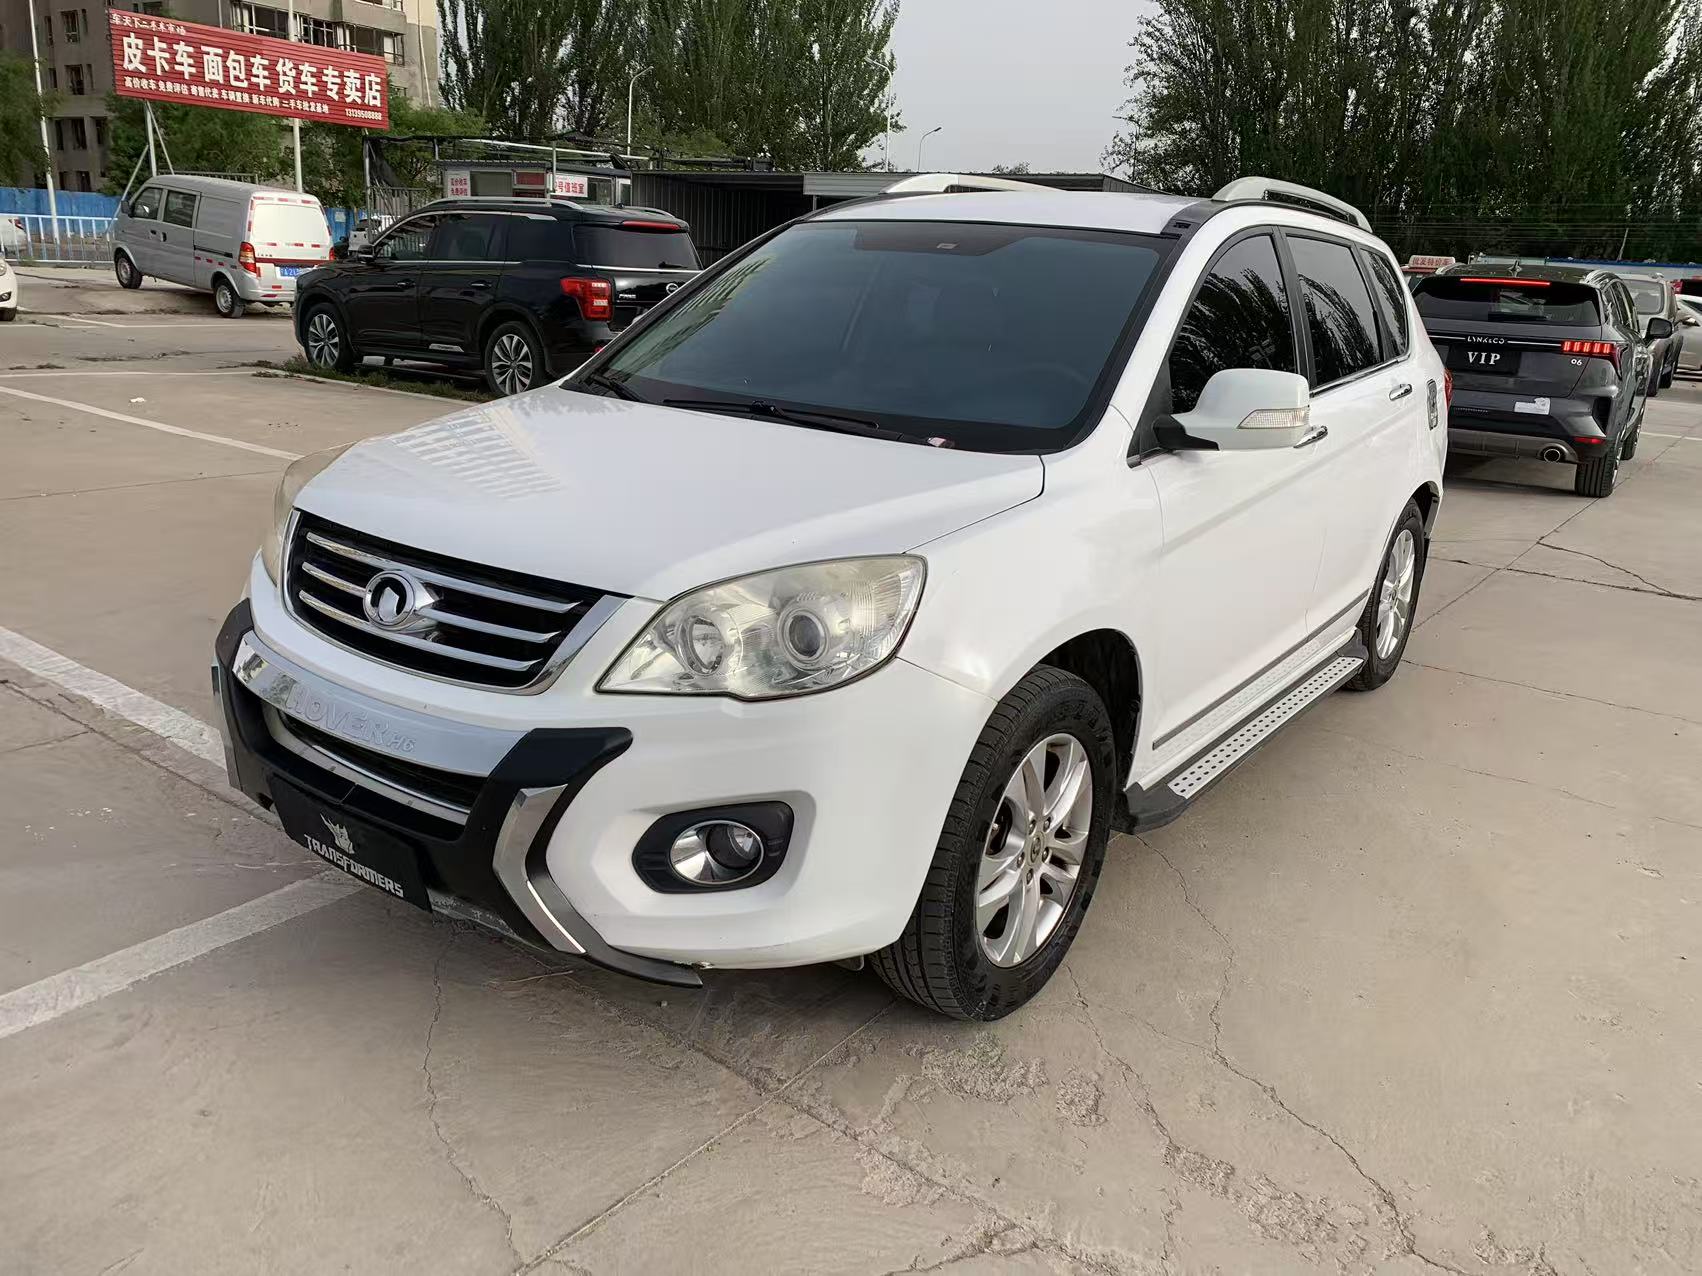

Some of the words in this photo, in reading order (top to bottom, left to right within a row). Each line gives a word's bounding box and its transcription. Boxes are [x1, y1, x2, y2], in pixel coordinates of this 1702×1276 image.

[124, 76, 157, 91] 高价收车
[158, 80, 189, 95] 免费评估
[282, 99, 329, 113] 二手车批发基地
[1467, 351, 1501, 365] VIP
[1570, 358, 1583, 366] 06
[284, 683, 390, 746] HOVER
[303, 833, 404, 898] TRANSFORMERS
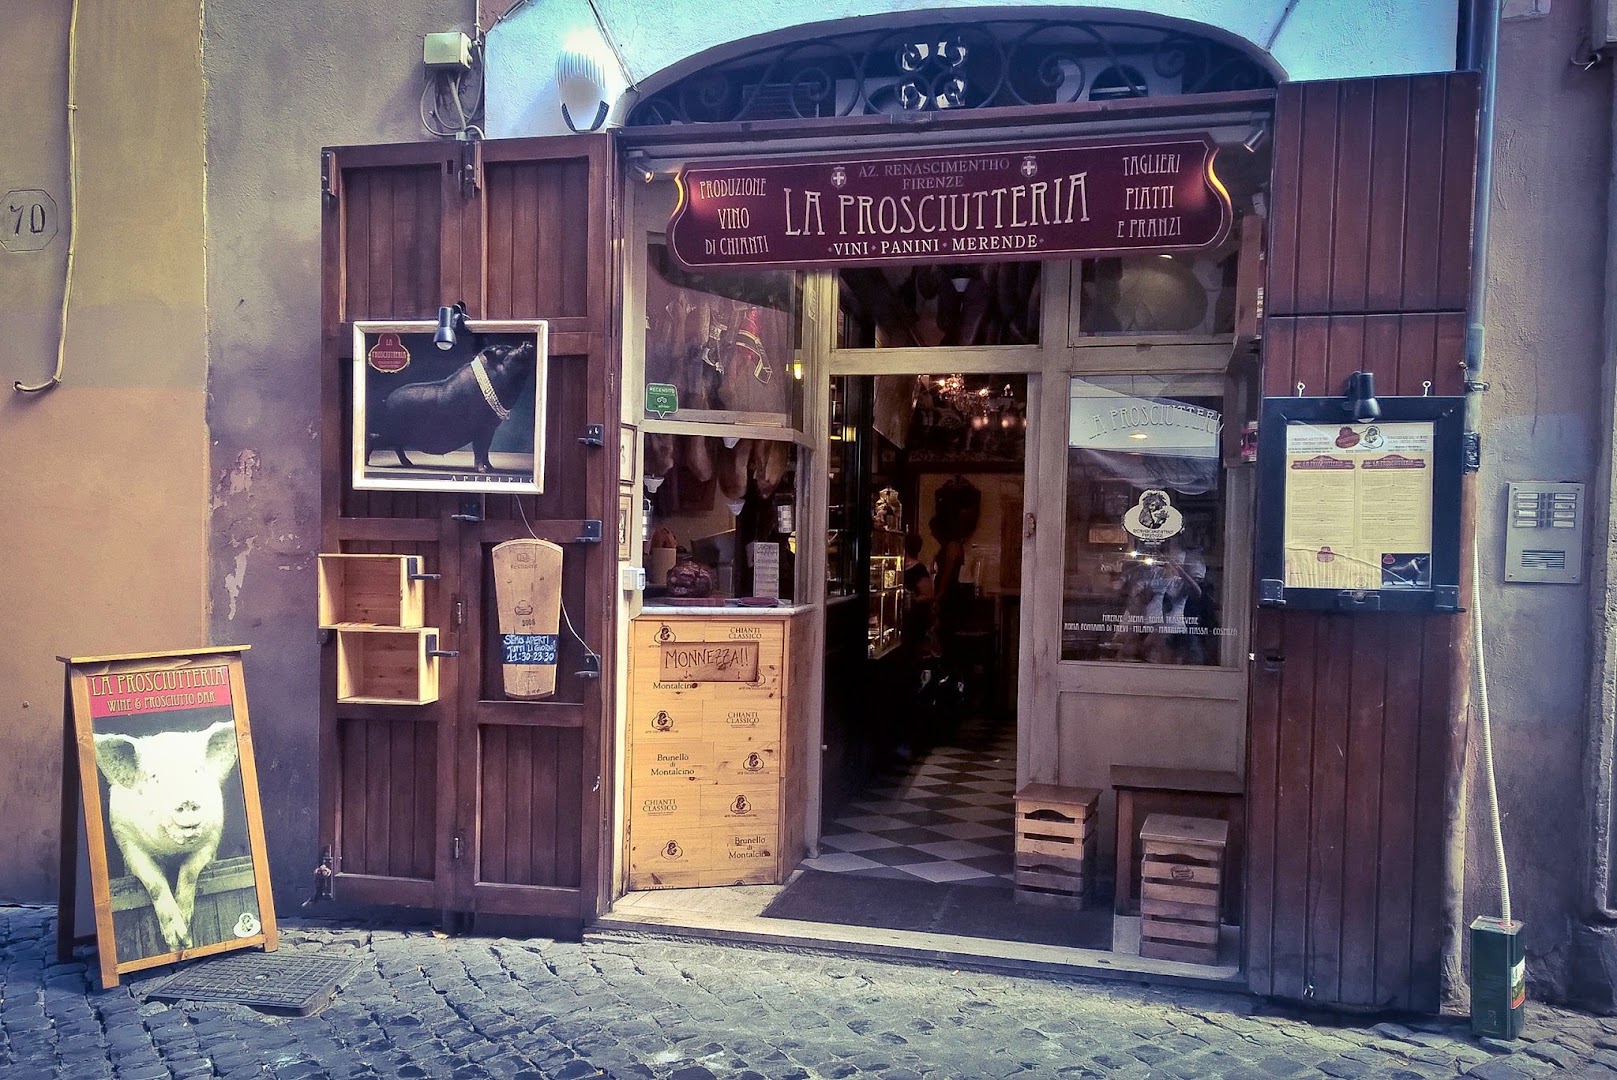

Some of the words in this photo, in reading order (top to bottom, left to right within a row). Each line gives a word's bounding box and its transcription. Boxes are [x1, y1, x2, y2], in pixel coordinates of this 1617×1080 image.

* Problem statement
Every entry above is to be copied verbatim, with the pictures removed.

* Exercise result
Some of the words in this photo, in reading order (top to bottom, left to right within a row). Each line gives a word's bounding box and its transcription. Boxes are [x1, y1, x2, y2], in pixel coordinates of this 1702×1276 image.

[124, 76, 157, 91] 高价收车
[158, 80, 189, 95] 免费评估
[282, 99, 329, 113] 二手车批发基地
[1467, 351, 1501, 365] VIP
[1570, 358, 1583, 366] 06
[284, 683, 390, 746] HOVER
[303, 833, 404, 898] TRANSFORMERS

Some of the words in this photo, in reading order (top to bottom, left to right within a row). Each line gives a word's bounding box and its transcription. Boxes are [x1, y1, x2, y2], in pixel coordinates of this 1617×1080 image.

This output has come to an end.